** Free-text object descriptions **

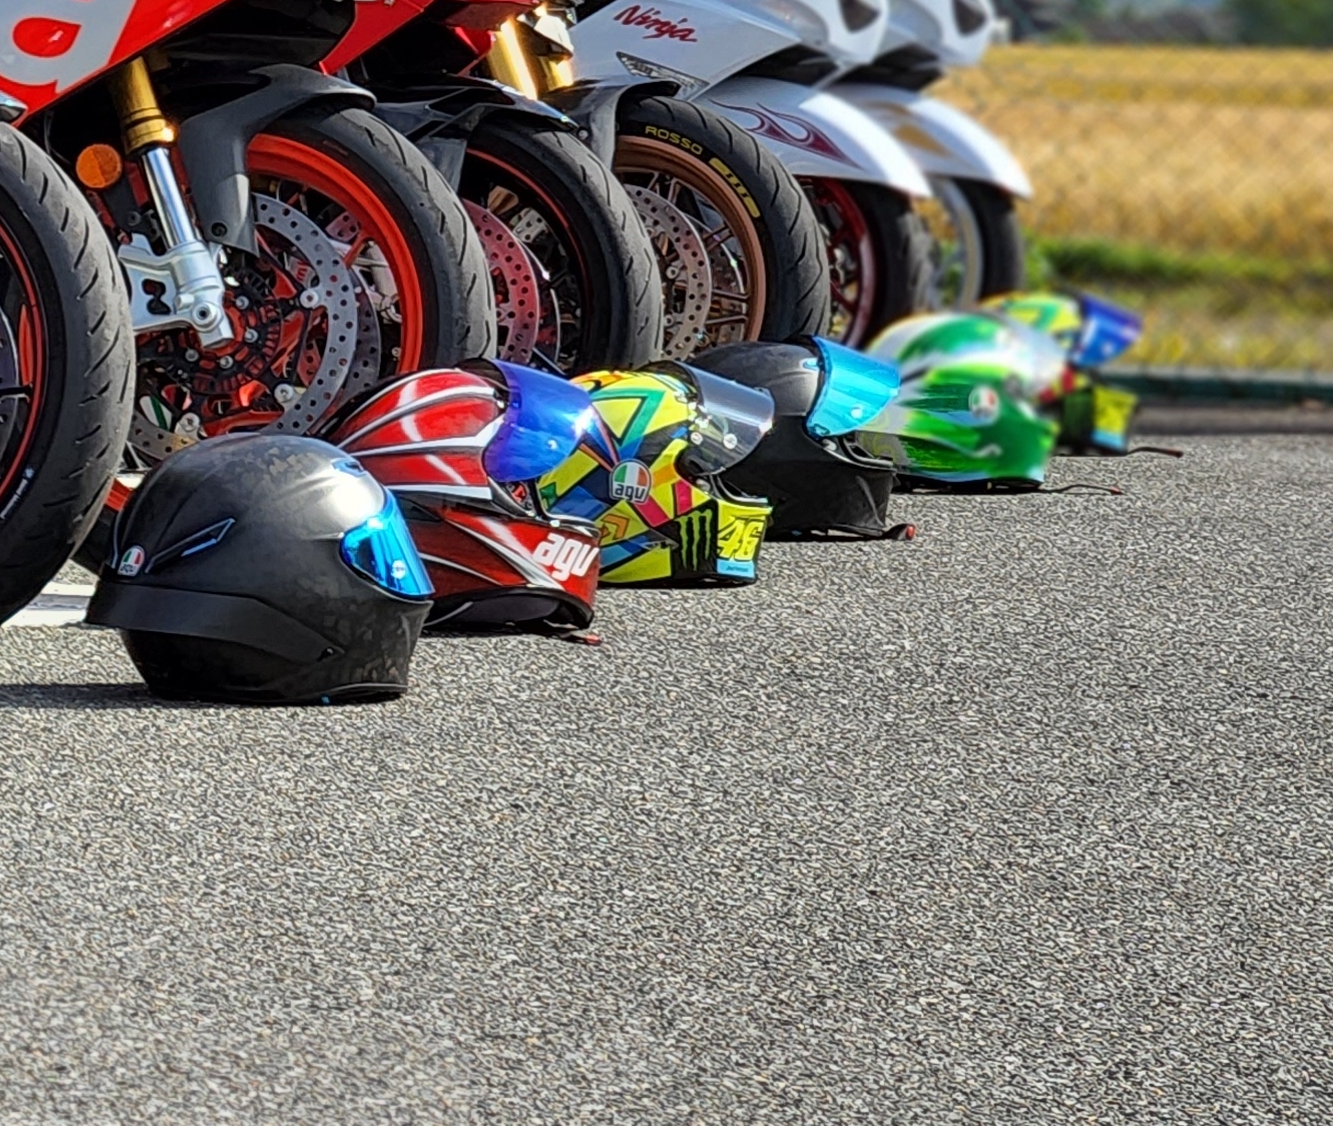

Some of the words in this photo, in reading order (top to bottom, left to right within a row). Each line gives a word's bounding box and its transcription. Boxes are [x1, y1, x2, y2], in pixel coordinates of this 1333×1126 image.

[613, 4, 699, 43] Ninja
[645, 125, 703, 155] ROSSO
[614, 483, 646, 501] agv
[532, 532, 600, 582] agv
[717, 519, 764, 561] 46
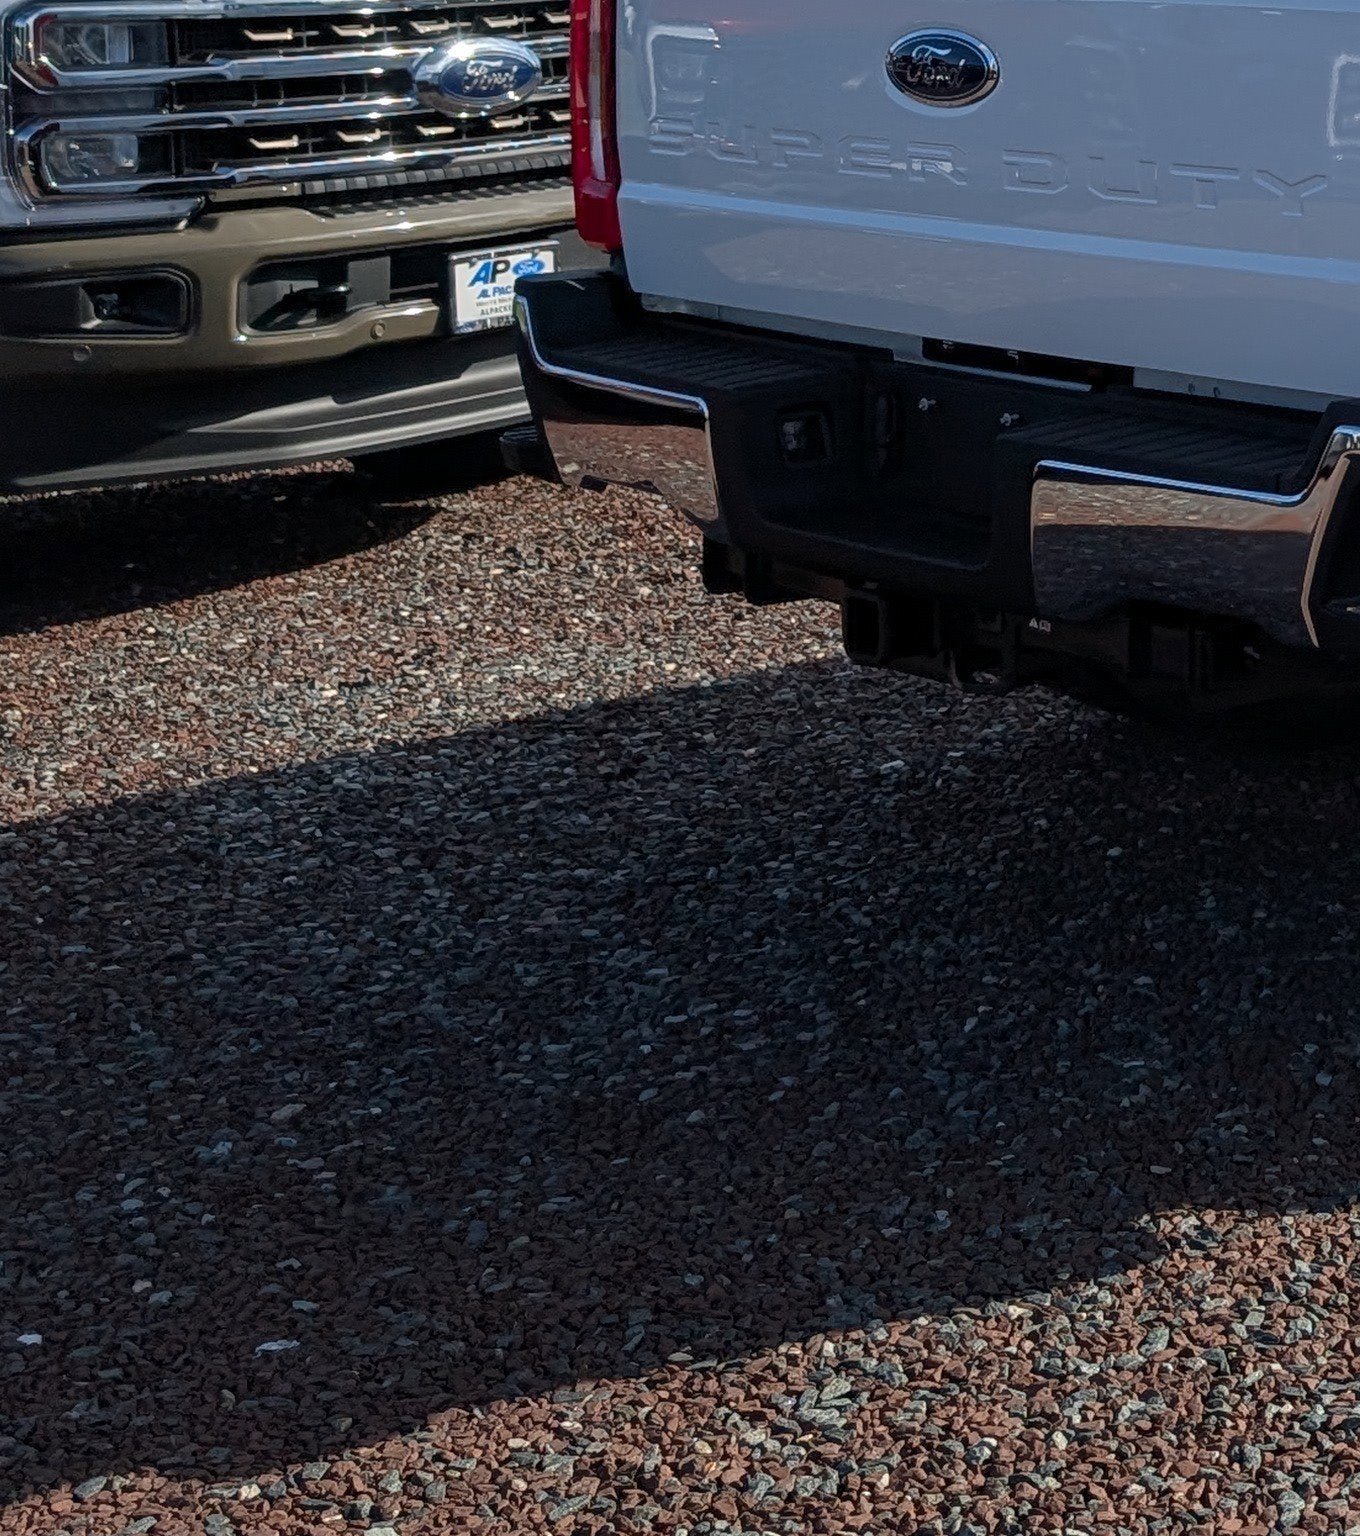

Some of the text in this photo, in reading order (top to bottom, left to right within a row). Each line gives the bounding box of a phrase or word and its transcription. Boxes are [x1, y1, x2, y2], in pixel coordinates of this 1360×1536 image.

[463, 59, 519, 94] Ford
[906, 44, 966, 88] Ford
[648, 115, 1328, 218] SUPER DUTY
[467, 259, 511, 288] AP

** Work item **
Please write out all the entries above exactly, but leave out the pictures.

** Answer box **
Some of the words in this photo, in reading order (top to bottom, left to right within a row). Each line gives a word's bounding box and its transcription. Boxes are [x1, y1, x2, y2], in pixel coordinates of this 1333×1126 image.

[613, 4, 699, 43] Ninja
[645, 125, 703, 155] ROSSO
[614, 483, 646, 501] agv
[532, 532, 600, 582] agv
[717, 519, 764, 561] 46

Some of the text in this photo, in reading order (top to bottom, left to right within a row). Each line gives the bounding box of a phrase or word and its transcription. Boxes are [x1, y1, x2, y2], in pixel coordinates of this 1360×1536 image.

[463, 59, 519, 94] Ford
[906, 44, 966, 88] Ford
[648, 115, 1328, 218] SUPER DUTY
[467, 259, 511, 288] AP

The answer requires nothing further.